Required work
Quote the records that follow in full and exactly; leave out the pictures.

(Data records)
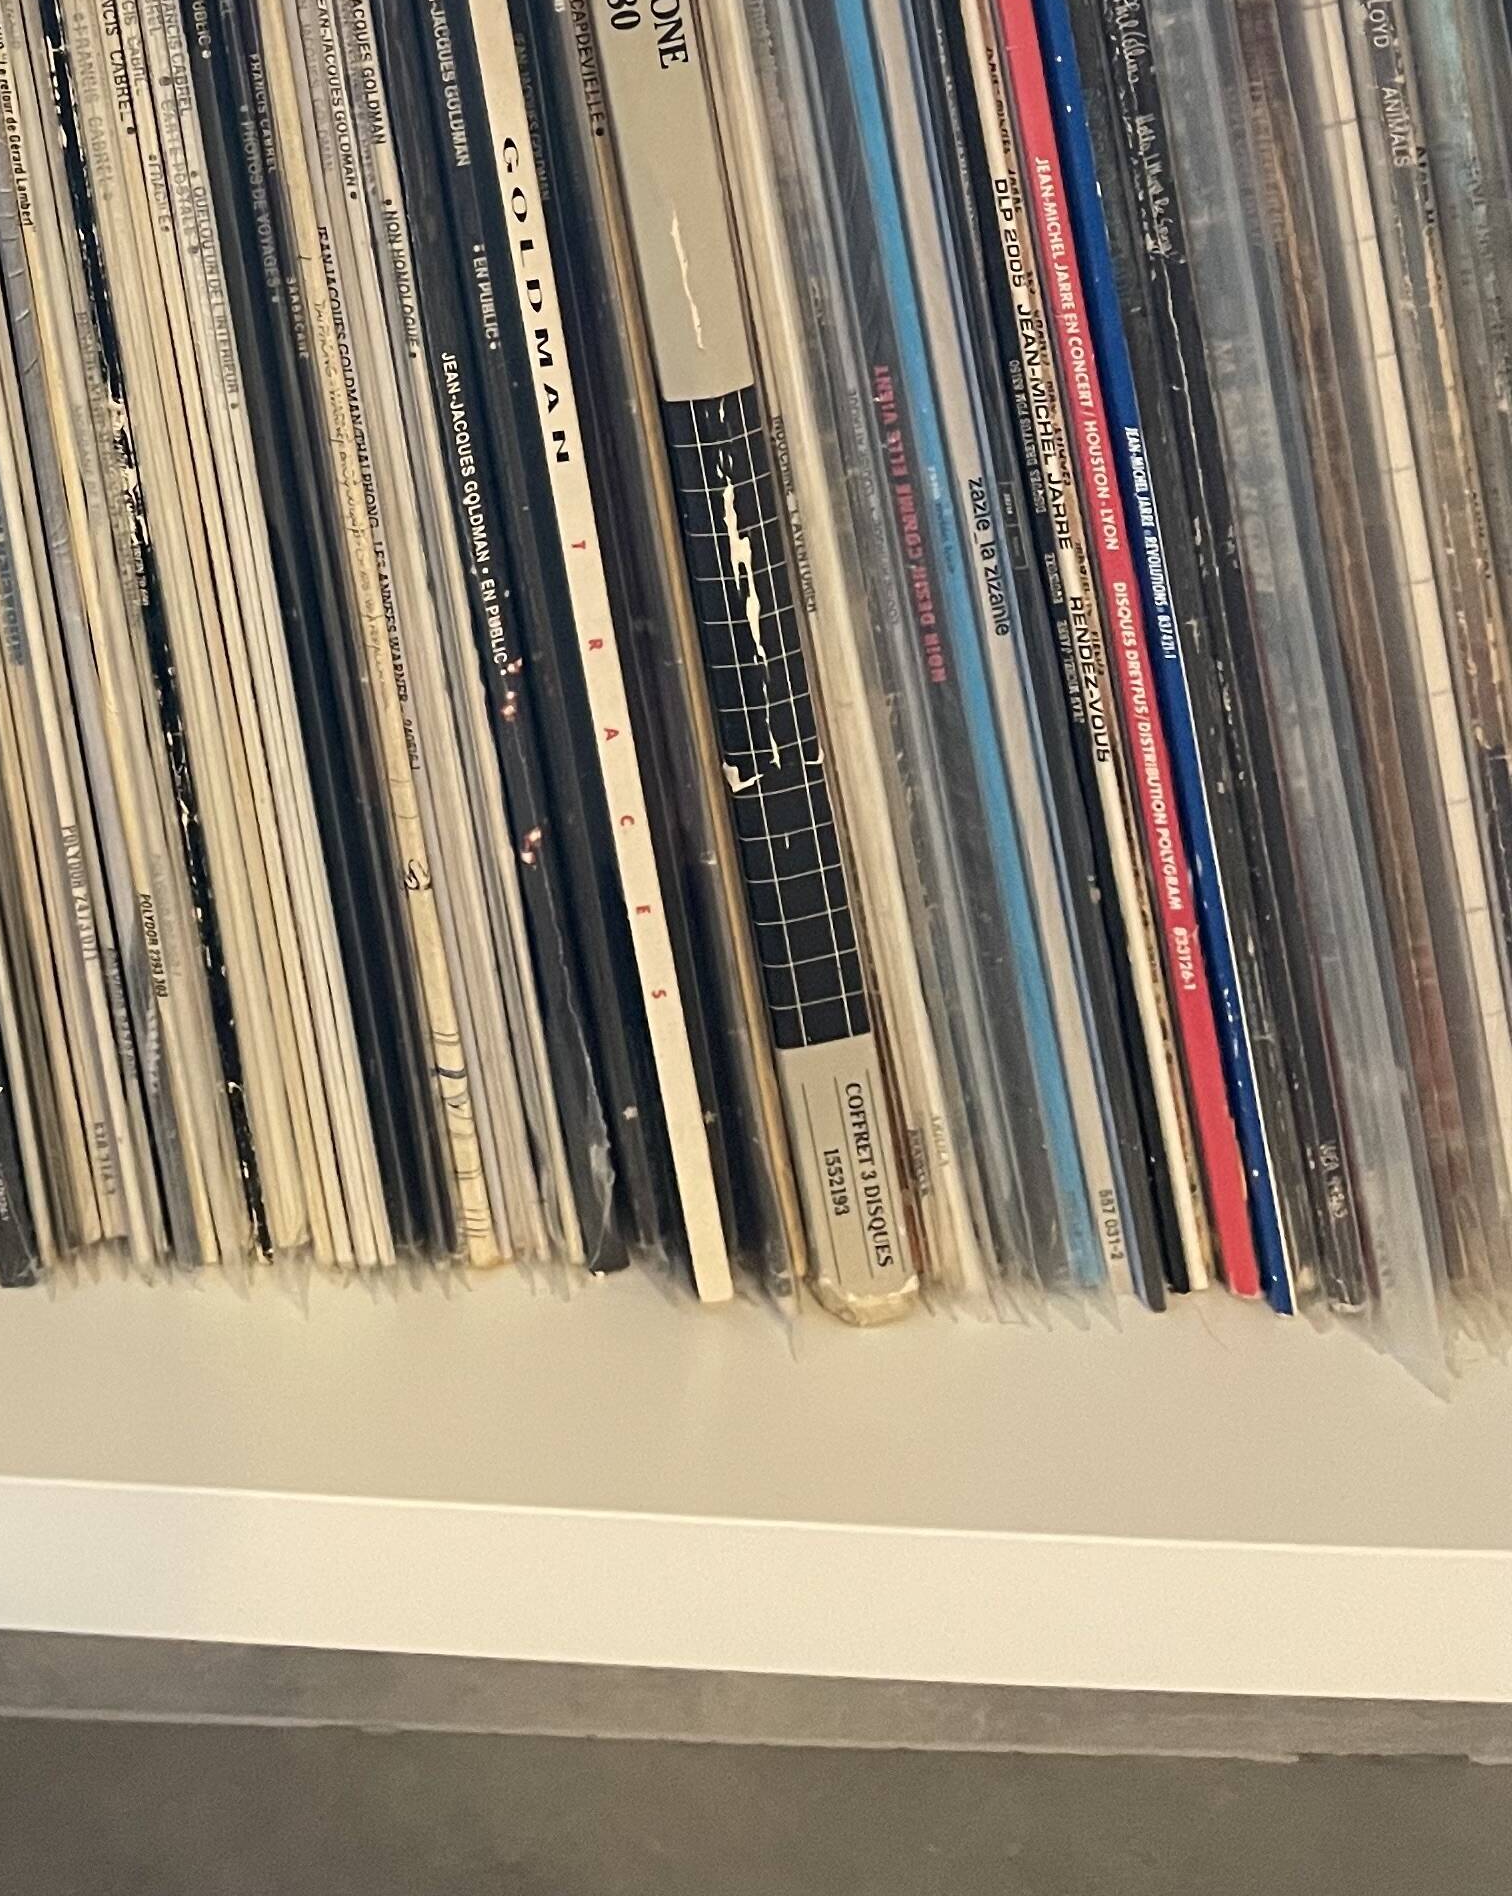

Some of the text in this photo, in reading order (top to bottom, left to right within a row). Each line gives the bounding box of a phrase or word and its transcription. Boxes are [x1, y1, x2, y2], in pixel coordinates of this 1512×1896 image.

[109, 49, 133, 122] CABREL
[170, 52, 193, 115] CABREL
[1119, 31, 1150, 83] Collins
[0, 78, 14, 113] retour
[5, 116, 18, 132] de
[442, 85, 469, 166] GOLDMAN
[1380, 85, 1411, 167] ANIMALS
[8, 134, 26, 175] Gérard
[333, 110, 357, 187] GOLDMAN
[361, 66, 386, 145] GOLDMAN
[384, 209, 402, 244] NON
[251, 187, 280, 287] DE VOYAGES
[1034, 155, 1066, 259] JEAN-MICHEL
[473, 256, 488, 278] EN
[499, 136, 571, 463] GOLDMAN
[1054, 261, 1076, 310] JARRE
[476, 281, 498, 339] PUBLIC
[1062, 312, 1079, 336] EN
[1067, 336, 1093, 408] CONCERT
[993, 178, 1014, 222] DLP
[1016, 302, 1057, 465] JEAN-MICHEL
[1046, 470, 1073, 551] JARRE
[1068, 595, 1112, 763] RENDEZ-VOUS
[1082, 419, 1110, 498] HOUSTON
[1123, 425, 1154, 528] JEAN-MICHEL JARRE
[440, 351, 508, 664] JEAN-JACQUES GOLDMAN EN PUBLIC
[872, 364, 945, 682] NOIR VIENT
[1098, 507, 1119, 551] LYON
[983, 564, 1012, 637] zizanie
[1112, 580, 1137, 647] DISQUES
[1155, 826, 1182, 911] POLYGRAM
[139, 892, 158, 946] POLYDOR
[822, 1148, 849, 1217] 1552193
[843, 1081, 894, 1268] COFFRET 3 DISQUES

Response area
Some of the text in this photo, in reading order (top to bottom, left to right within a row). Each line gives the bounding box of a phrase or word and its transcription. Boxes are [x1, y1, x2, y2], in pixel coordinates of this 1512×1896 image.

[109, 49, 133, 122] CABREL
[170, 52, 193, 115] CABREL
[1119, 31, 1150, 83] Collins
[0, 78, 14, 113] retour
[5, 116, 18, 132] de
[442, 85, 469, 166] GOLDMAN
[1380, 85, 1411, 167] ANIMALS
[8, 134, 26, 175] Gérard
[333, 110, 357, 187] GOLDMAN
[361, 66, 386, 145] GOLDMAN
[384, 209, 402, 244] NON
[251, 187, 280, 287] DE VOYAGES
[1034, 155, 1066, 259] JEAN-MICHEL
[473, 256, 488, 278] EN
[499, 136, 571, 463] GOLDMAN
[1054, 261, 1076, 310] JARRE
[476, 281, 498, 339] PUBLIC
[1062, 312, 1079, 336] EN
[1067, 336, 1093, 408] CONCERT
[993, 178, 1014, 222] DLP
[1016, 302, 1057, 465] JEAN-MICHEL
[1046, 470, 1073, 551] JARRE
[1068, 595, 1112, 763] RENDEZ-VOUS
[1082, 419, 1110, 498] HOUSTON
[1123, 425, 1154, 528] JEAN-MICHEL JARRE
[440, 351, 508, 664] JEAN-JACQUES GOLDMAN EN PUBLIC
[872, 364, 945, 682] NOIR VIENT
[1098, 507, 1119, 551] LYON
[983, 564, 1012, 637] zizanie
[1112, 580, 1137, 647] DISQUES
[1155, 826, 1182, 911] POLYGRAM
[139, 892, 158, 946] POLYDOR
[822, 1148, 849, 1217] 1552193
[843, 1081, 894, 1268] COFFRET 3 DISQUES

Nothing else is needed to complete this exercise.